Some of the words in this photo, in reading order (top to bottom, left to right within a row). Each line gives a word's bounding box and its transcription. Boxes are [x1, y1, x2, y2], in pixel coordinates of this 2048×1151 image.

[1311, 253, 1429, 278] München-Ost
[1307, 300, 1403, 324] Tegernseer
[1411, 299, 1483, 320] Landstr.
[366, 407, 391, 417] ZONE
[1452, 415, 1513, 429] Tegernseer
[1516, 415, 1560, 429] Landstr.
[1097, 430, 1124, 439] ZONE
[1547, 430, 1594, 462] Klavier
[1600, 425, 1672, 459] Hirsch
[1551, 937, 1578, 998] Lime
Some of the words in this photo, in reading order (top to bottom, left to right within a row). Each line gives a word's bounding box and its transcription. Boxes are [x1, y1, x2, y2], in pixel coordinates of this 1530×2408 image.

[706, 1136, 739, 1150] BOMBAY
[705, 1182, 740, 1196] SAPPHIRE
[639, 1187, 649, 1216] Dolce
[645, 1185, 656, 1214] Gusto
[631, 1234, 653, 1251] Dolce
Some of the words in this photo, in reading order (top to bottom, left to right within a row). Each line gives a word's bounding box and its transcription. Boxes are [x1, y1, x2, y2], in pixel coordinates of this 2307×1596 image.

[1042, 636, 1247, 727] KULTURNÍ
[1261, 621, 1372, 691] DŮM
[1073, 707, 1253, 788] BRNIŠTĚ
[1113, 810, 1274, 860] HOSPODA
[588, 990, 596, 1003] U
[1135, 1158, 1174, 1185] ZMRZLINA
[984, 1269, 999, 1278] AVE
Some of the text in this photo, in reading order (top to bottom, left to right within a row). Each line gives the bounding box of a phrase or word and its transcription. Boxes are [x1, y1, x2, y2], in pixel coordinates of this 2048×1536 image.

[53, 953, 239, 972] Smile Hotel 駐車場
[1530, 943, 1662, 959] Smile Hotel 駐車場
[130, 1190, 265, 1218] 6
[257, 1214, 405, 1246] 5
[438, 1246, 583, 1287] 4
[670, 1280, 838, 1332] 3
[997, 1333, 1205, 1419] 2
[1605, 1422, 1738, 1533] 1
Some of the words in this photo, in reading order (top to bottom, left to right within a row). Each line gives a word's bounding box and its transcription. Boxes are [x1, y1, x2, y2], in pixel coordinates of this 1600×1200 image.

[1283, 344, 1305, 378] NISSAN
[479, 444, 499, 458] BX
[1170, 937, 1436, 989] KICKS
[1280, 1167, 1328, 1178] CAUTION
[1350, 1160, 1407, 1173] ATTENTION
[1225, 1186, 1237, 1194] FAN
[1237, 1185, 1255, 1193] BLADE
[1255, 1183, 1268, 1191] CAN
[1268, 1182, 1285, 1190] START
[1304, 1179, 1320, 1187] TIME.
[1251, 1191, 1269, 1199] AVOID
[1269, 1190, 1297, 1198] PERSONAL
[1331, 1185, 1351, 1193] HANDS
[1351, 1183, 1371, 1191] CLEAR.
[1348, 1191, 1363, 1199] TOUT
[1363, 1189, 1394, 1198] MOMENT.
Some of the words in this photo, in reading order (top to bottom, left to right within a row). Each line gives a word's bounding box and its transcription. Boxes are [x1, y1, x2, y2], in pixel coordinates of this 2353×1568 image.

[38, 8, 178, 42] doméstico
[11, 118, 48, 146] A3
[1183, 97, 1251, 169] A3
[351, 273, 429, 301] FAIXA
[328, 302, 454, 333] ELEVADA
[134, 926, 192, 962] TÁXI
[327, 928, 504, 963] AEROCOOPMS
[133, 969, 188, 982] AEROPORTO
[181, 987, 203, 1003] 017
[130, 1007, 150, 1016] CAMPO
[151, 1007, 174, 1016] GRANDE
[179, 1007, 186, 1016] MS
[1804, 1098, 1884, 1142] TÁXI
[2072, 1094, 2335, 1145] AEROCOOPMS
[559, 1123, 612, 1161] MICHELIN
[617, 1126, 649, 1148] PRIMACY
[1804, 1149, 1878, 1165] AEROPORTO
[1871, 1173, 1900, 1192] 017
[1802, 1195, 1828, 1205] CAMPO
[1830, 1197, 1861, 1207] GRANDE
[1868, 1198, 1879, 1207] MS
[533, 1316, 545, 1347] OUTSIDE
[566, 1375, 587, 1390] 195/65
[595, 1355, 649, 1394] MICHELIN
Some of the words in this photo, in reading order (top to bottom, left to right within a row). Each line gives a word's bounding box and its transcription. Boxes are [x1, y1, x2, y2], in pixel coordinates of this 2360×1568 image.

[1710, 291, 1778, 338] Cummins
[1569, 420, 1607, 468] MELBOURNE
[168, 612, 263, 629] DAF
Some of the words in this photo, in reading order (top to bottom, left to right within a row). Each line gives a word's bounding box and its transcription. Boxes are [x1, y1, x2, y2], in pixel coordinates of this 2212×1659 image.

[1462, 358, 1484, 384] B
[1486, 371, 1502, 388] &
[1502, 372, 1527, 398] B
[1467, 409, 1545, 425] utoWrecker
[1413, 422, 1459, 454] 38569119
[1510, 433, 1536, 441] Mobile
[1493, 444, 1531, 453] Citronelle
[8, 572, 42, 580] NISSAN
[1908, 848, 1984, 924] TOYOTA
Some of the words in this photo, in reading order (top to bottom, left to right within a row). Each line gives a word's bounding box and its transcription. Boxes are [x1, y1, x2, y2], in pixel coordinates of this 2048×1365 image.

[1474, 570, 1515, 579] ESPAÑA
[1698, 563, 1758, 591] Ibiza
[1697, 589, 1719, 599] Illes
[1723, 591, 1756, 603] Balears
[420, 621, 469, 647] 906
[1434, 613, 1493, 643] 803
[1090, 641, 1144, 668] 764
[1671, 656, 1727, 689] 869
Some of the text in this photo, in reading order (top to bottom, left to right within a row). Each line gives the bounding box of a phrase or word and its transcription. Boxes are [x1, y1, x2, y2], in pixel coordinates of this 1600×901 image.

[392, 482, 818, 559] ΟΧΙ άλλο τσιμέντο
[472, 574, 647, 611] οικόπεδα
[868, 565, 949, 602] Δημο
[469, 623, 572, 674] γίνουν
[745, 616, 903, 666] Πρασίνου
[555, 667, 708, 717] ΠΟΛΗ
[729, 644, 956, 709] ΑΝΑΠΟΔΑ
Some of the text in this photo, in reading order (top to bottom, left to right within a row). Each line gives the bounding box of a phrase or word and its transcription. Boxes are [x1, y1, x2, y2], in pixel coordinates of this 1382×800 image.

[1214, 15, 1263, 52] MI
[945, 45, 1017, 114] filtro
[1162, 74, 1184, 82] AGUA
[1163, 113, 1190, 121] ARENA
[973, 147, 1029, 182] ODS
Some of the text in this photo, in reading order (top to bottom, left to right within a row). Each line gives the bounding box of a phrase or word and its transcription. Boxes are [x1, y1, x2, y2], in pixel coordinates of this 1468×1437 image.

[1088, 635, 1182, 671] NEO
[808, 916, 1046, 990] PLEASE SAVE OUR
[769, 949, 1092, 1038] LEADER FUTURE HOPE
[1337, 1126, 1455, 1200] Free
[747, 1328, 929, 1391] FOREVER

▶ Work task
The whole of the data is to be returned with every line intact.

▶ Output of the task
Some of the words in this photo, in reading order (top to bottom, left to right within a row). Each line gives a word's bounding box and its transcription. Boxes are [x1, y1, x2, y2], in pixel coordinates of this 2048×1151 image.

[1311, 253, 1429, 278] München-Ost
[1307, 300, 1403, 324] Tegernseer
[1411, 299, 1483, 320] Landstr.
[366, 407, 391, 417] ZONE
[1452, 415, 1513, 429] Tegernseer
[1516, 415, 1560, 429] Landstr.
[1097, 430, 1124, 439] ZONE
[1547, 430, 1594, 462] Klavier
[1600, 425, 1672, 459] Hirsch
[1551, 937, 1578, 998] Lime
Some of the words in this photo, in reading order (top to bottom, left to right within a row). Each line gives a word's bounding box and its transcription. Boxes are [x1, y1, x2, y2], in pixel coordinates of this 1530×2408 image.

[706, 1136, 739, 1150] BOMBAY
[705, 1182, 740, 1196] SAPPHIRE
[639, 1187, 649, 1216] Dolce
[645, 1185, 656, 1214] Gusto
[631, 1234, 653, 1251] Dolce
Some of the words in this photo, in reading order (top to bottom, left to right within a row). Each line gives a word's bounding box and its transcription. Boxes are [x1, y1, x2, y2], in pixel coordinates of this 2307×1596 image.

[1042, 636, 1247, 727] KULTURNÍ
[1261, 621, 1372, 691] DŮM
[1073, 707, 1253, 788] BRNIŠTĚ
[1113, 810, 1274, 860] HOSPODA
[588, 990, 596, 1003] U
[1135, 1158, 1174, 1185] ZMRZLINA
[984, 1269, 999, 1278] AVE
Some of the text in this photo, in reading order (top to bottom, left to right within a row). Each line gives the bounding box of a phrase or word and its transcription. Boxes are [x1, y1, x2, y2], in pixel coordinates of this 2048×1536 image.

[53, 953, 239, 972] Smile Hotel 駐車場
[1530, 943, 1662, 959] Smile Hotel 駐車場
[130, 1190, 265, 1218] 6
[257, 1214, 405, 1246] 5
[438, 1246, 583, 1287] 4
[670, 1280, 838, 1332] 3
[997, 1333, 1205, 1419] 2
[1605, 1422, 1738, 1533] 1
Some of the words in this photo, in reading order (top to bottom, left to right within a row). Each line gives a word's bounding box and its transcription. Boxes are [x1, y1, x2, y2], in pixel coordinates of this 1600×1200 image.

[1283, 344, 1305, 378] NISSAN
[479, 444, 499, 458] BX
[1170, 937, 1436, 989] KICKS
[1280, 1167, 1328, 1178] CAUTION
[1350, 1160, 1407, 1173] ATTENTION
[1225, 1186, 1237, 1194] FAN
[1237, 1185, 1255, 1193] BLADE
[1255, 1183, 1268, 1191] CAN
[1268, 1182, 1285, 1190] START
[1304, 1179, 1320, 1187] TIME.
[1251, 1191, 1269, 1199] AVOID
[1269, 1190, 1297, 1198] PERSONAL
[1331, 1185, 1351, 1193] HANDS
[1351, 1183, 1371, 1191] CLEAR.
[1348, 1191, 1363, 1199] TOUT
[1363, 1189, 1394, 1198] MOMENT.
Some of the words in this photo, in reading order (top to bottom, left to right within a row). Each line gives a word's bounding box and its transcription. Boxes are [x1, y1, x2, y2], in pixel coordinates of this 2353×1568 image.

[38, 8, 178, 42] doméstico
[11, 118, 48, 146] A3
[1183, 97, 1251, 169] A3
[351, 273, 429, 301] FAIXA
[328, 302, 454, 333] ELEVADA
[134, 926, 192, 962] TÁXI
[327, 928, 504, 963] AEROCOOPMS
[133, 969, 188, 982] AEROPORTO
[181, 987, 203, 1003] 017
[130, 1007, 150, 1016] CAMPO
[151, 1007, 174, 1016] GRANDE
[179, 1007, 186, 1016] MS
[1804, 1098, 1884, 1142] TÁXI
[2072, 1094, 2335, 1145] AEROCOOPMS
[559, 1123, 612, 1161] MICHELIN
[617, 1126, 649, 1148] PRIMACY
[1804, 1149, 1878, 1165] AEROPORTO
[1871, 1173, 1900, 1192] 017
[1802, 1195, 1828, 1205] CAMPO
[1830, 1197, 1861, 1207] GRANDE
[1868, 1198, 1879, 1207] MS
[533, 1316, 545, 1347] OUTSIDE
[566, 1375, 587, 1390] 195/65
[595, 1355, 649, 1394] MICHELIN
Some of the words in this photo, in reading order (top to bottom, left to right within a row). Each line gives a word's bounding box and its transcription. Boxes are [x1, y1, x2, y2], in pixel coordinates of this 2360×1568 image.

[1710, 291, 1778, 338] Cummins
[1569, 420, 1607, 468] MELBOURNE
[168, 612, 263, 629] DAF
Some of the words in this photo, in reading order (top to bottom, left to right within a row). Each line gives a word's bounding box and its transcription. Boxes are [x1, y1, x2, y2], in pixel coordinates of this 2212×1659 image.

[1462, 358, 1484, 384] B
[1486, 371, 1502, 388] &
[1502, 372, 1527, 398] B
[1467, 409, 1545, 425] utoWrecker
[1413, 422, 1459, 454] 38569119
[1510, 433, 1536, 441] Mobile
[1493, 444, 1531, 453] Citronelle
[8, 572, 42, 580] NISSAN
[1908, 848, 1984, 924] TOYOTA
Some of the words in this photo, in reading order (top to bottom, left to right within a row). Each line gives a word's bounding box and its transcription. Boxes are [x1, y1, x2, y2], in pixel coordinates of this 2048×1365 image.

[1474, 570, 1515, 579] ESPAÑA
[1698, 563, 1758, 591] Ibiza
[1697, 589, 1719, 599] Illes
[1723, 591, 1756, 603] Balears
[420, 621, 469, 647] 906
[1434, 613, 1493, 643] 803
[1090, 641, 1144, 668] 764
[1671, 656, 1727, 689] 869
Some of the text in this photo, in reading order (top to bottom, left to right within a row). Each line gives the bounding box of a phrase or word and its transcription. Boxes are [x1, y1, x2, y2], in pixel coordinates of this 1600×901 image.

[392, 482, 818, 559] ΟΧΙ άλλο τσιμέντο
[472, 574, 647, 611] οικόπεδα
[868, 565, 949, 602] Δημο
[469, 623, 572, 674] γίνουν
[745, 616, 903, 666] Πρασίνου
[555, 667, 708, 717] ΠΟΛΗ
[729, 644, 956, 709] ΑΝΑΠΟΔΑ
Some of the text in this photo, in reading order (top to bottom, left to right within a row). Each line gives the bounding box of a phrase or word and its transcription. Boxes are [x1, y1, x2, y2], in pixel coordinates of this 1382×800 image.

[1214, 15, 1263, 52] MI
[945, 45, 1017, 114] filtro
[1162, 74, 1184, 82] AGUA
[1163, 113, 1190, 121] ARENA
[973, 147, 1029, 182] ODS
Some of the text in this photo, in reading order (top to bottom, left to right within a row). Each line gives the bounding box of a phrase or word and its transcription. Boxes are [x1, y1, x2, y2], in pixel coordinates of this 1468×1437 image.

[1088, 635, 1182, 671] NEO
[808, 916, 1046, 990] PLEASE SAVE OUR
[769, 949, 1092, 1038] LEADER FUTURE HOPE
[1337, 1126, 1455, 1200] Free
[747, 1328, 929, 1391] FOREVER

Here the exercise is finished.